## Task brief
An exact transcription is needed, starting with the line that contains "this 1200×1600 image." and ending with the last line of the records.

## Data for the task
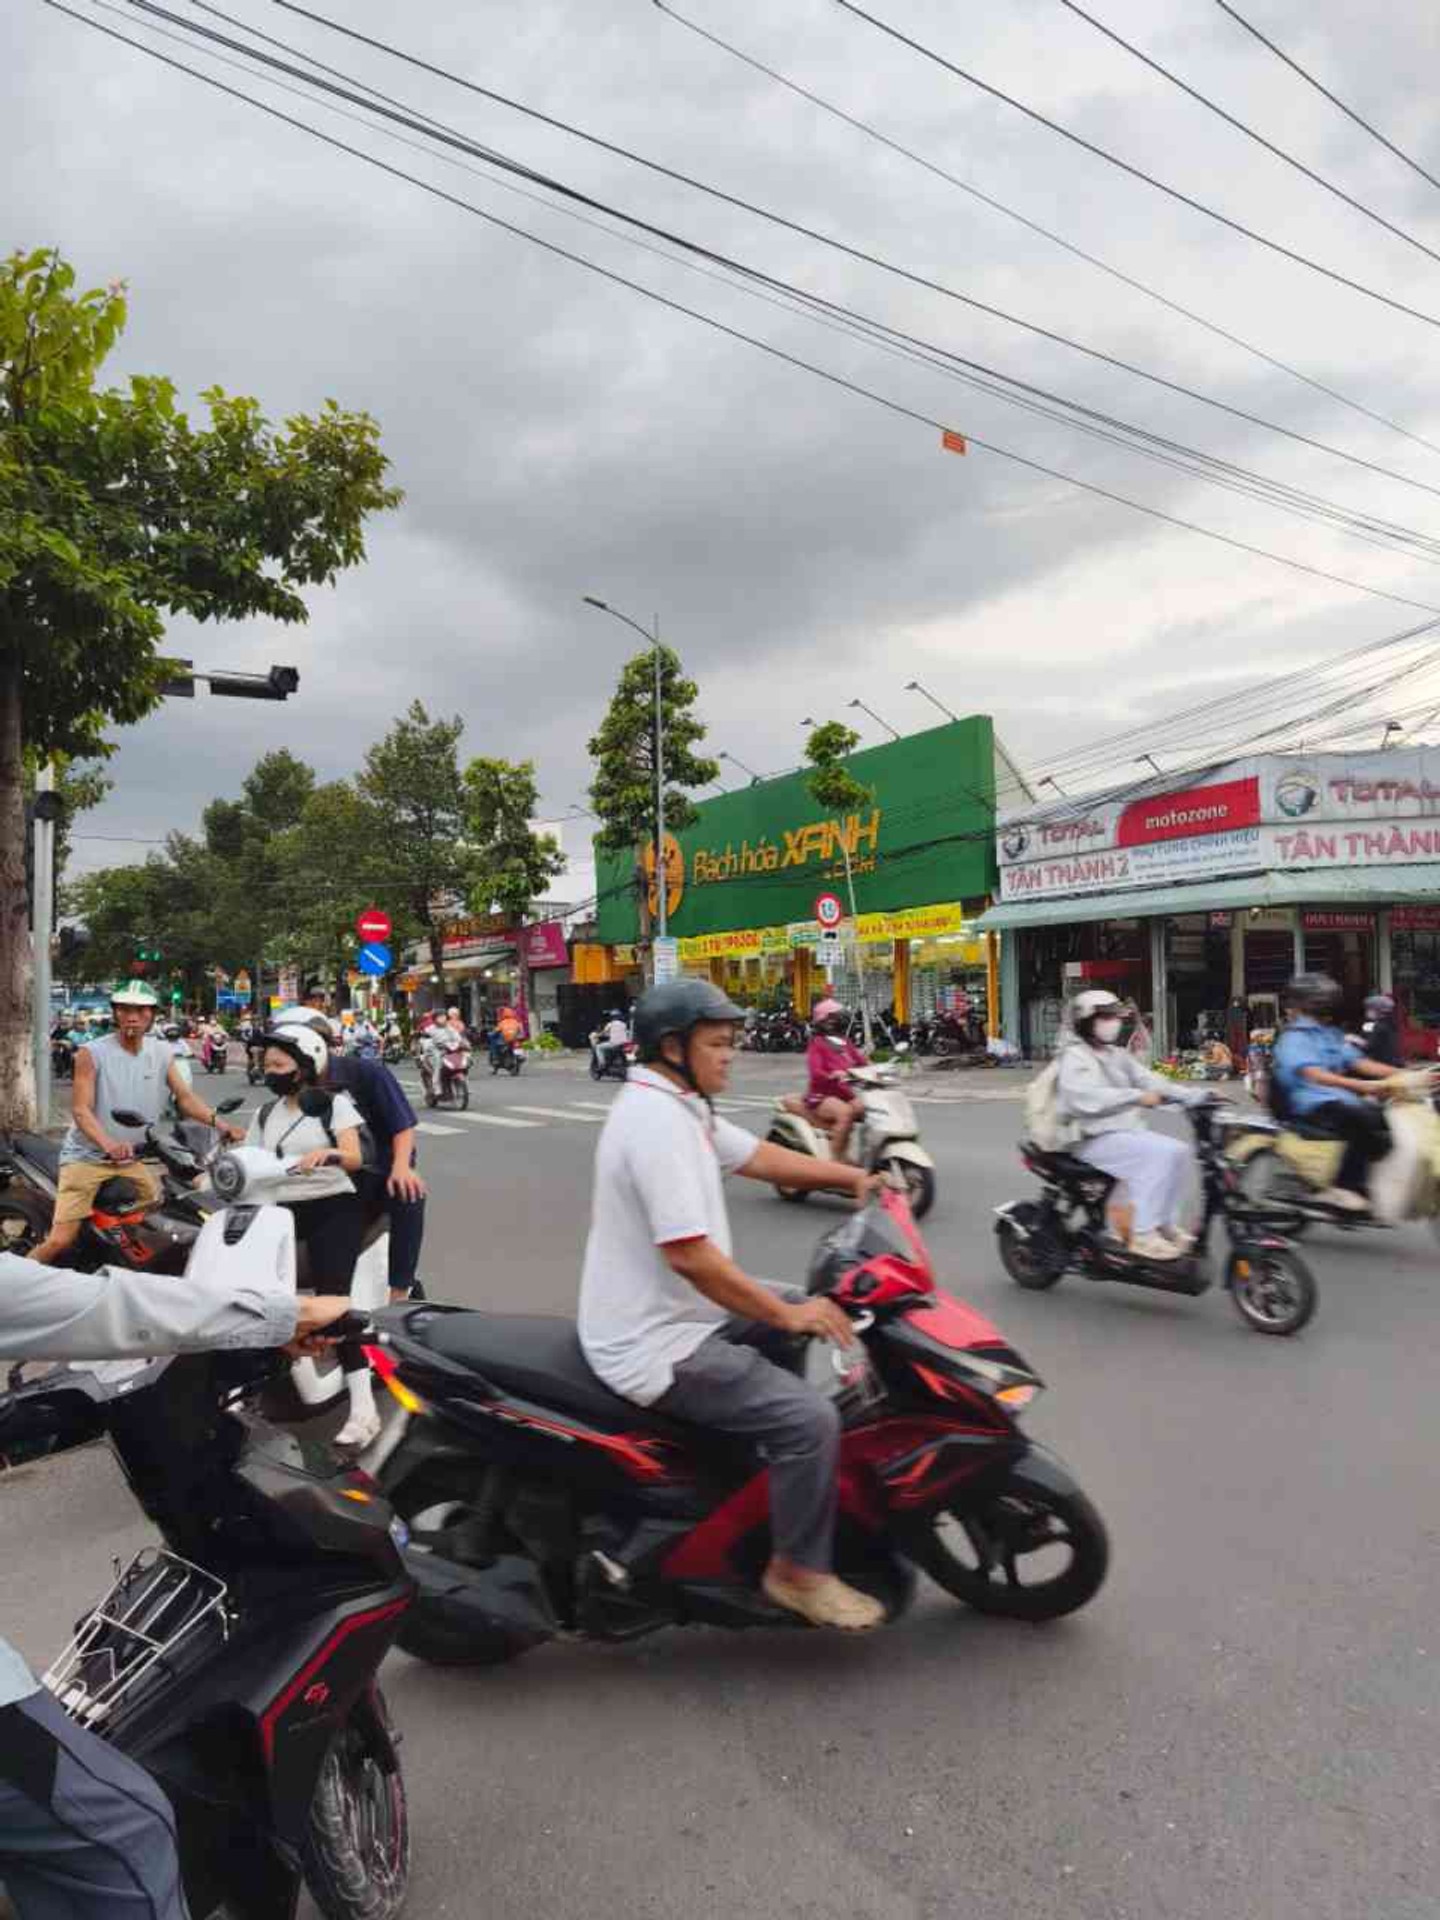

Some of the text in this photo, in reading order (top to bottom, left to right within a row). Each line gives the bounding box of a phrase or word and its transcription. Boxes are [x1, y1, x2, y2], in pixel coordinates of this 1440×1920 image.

[1328, 777, 1440, 803] TOTAL
[1145, 804, 1228, 830] motozone
[782, 808, 881, 864] XANH
[1274, 830, 1337, 861] TÂN
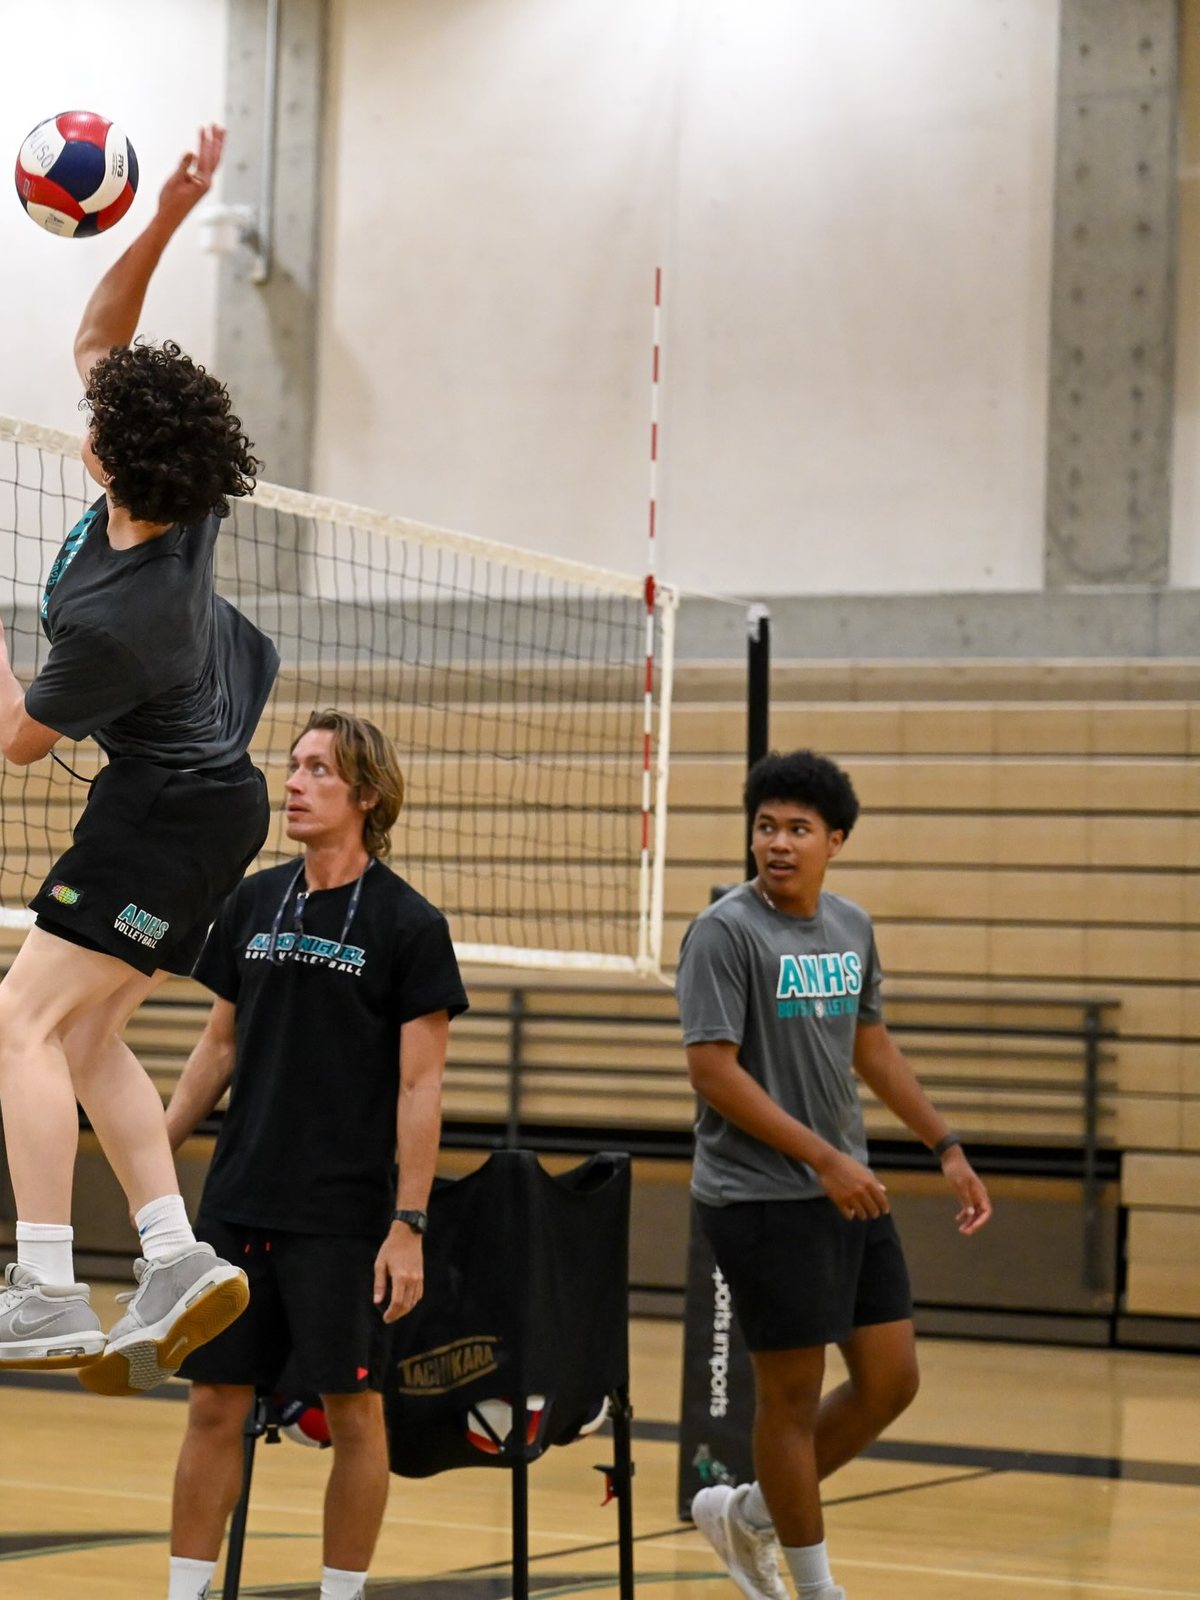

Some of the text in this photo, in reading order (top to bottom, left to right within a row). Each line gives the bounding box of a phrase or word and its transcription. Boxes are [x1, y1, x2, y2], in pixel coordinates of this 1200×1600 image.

[113, 918, 158, 949] VOLLEYBALL
[117, 903, 170, 940] ANHS
[245, 950, 362, 977] BOY VLLEBALL
[776, 951, 862, 999] ANHS
[708, 1265, 733, 1418] ports imports
[399, 1343, 496, 1388] TACHIKARA

## Written answer
Some of the text in this photo, in reading order (top to bottom, left to right within a row). Each line gives the bounding box of a phrase or word and its transcription. Boxes are [x1, y1, x2, y2], in pixel coordinates of this 1200×1600 image.

[113, 918, 158, 949] VOLLEYBALL
[117, 903, 170, 940] ANHS
[245, 950, 362, 977] BOY VLLEBALL
[776, 951, 862, 999] ANHS
[708, 1265, 733, 1418] ports imports
[399, 1343, 496, 1388] TACHIKARA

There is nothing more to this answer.